7. Nous constatons que, malheureusement, des facteurs géopolitiques et politiques ont commencé à intervenir grossièrement dans la vie de l’orthodoxie mondiale. Il en résulte que des Églises locales individuelles ont commencé à prendre leurs décisions ecclésiastiques sous l’influence de ces facteurs, au mépris des canons et de la tradition séculaire de l’Église. Nous comprenons que chaque Église locale accomplit son ministère dans le cadre de tel ou tel État, et parfois même de plusieurs d’entre eux. Souvent, tel ou tel peuple orthodoxe est très étroitement lié tant à son propre État qu’à son Église locale. Cependant, c’est là notre profonde conviction, chaque Église orthodoxe dans son service à Dieu doit être au-dessus des frontières et intérêts nationaux, étatiques ou politiques et ne pas céder aux pressions extérieures, se souvenant que le royaume de Dieu que nous prêchons n’est pas de ce monde (cf. Jn VIII, 36). Si chaque Église locale s’associe exclusivement aux intérêts de son État, l’orthodoxie mondiale ne pourra être une, sachant qu’il arrive que les États soient en conflit ou en guerre les uns avec les autres, mais l’Église doit préserver l’unité et réconcilier les gens, et non pas devenir partie ou moyen de confrontation. Nous exprimons l’espoir que la sainte Église orthodoxe, avec l’aide de Dieu, trouvera les forces de surmonter ces défis et gardera son unité, en s’élevant au-dessus des frontières et intérêts nationaux et étatiques, car en Christ, il n’y a ni Grec ni Juif… ni barbare ni Scythe… mais Christ est tout et en tous (Col. 3,11).
8. Nous nous adressons aux archipasteurs, pasteurs, moines et moniales, ainsi qu’aux laïcs de notre Église orthodoxe d’Ukraine. Chers évêques, pères, frères et sœurs ! Tout cela ne s’est pas produit hors de la Providence divine et c’est précisément en Ukraine et dans notre Église, dans le cadre de l’orthodoxie mondiale, que se produit aujourd’hui la limite entre l’Église et le schisme. Dans cette situation, nous devons garder la pureté de la structure canonique et de la doctrine de l’Église. On nous effraye par l’auto-isolation. Mais lorsque nous vivons dans la foi véritable, il ne peut y avoir d’auto-isolation, ce qu’a exprimé le métropolite de Kiev et de toute l’Ukraine Vladimir de bienheureuse mémoire : « Avec le Christ, il n’y a pas d’auto-isolation ». En fait, aujourd’hui, notre Église orthodoxe d’Ukraine, en passant par différentes épreuves, défend l’unité de toute l’orthodoxie mondiale.
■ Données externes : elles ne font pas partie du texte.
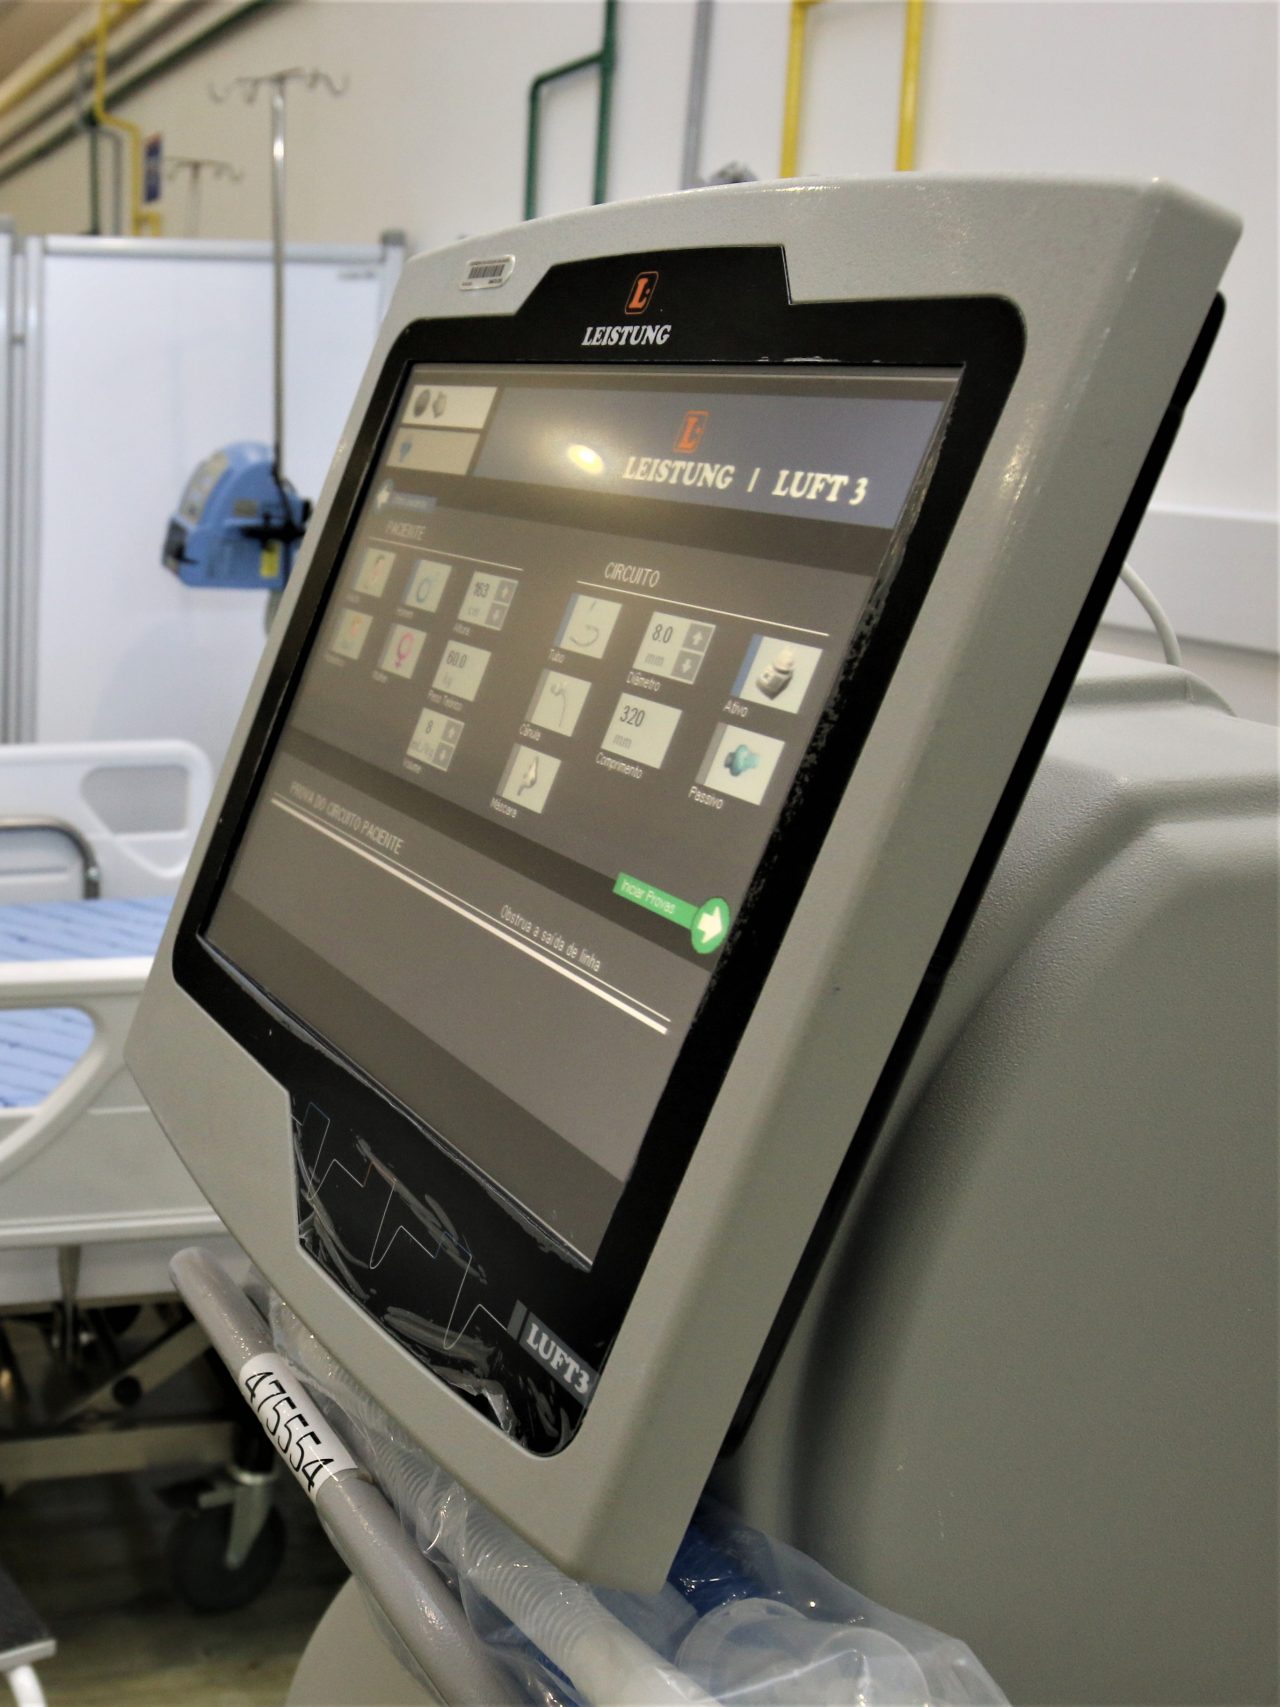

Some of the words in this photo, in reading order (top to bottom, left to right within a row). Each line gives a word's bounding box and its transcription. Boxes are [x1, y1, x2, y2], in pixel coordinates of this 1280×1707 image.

N’ayez pas peur ! Vous vous trouvez dans la véritable Église ! Aimez l’Église, gardez l’Église et vous-mêmes en elle, parce que par Elle le Seigneur nous sauve. Et laissez tout le reste à la volonté de Dieu. Rappelez-vous que ce ne sont pas les hommes qui dirigent l’Église, mais le Seigneur Lui-même. Prions pour que le Seigneur par Son Esprit Saint corrige toute les erreurs humaines, qu’Il nous purifie de toute souillure et qu’Il sauve nos âmes ».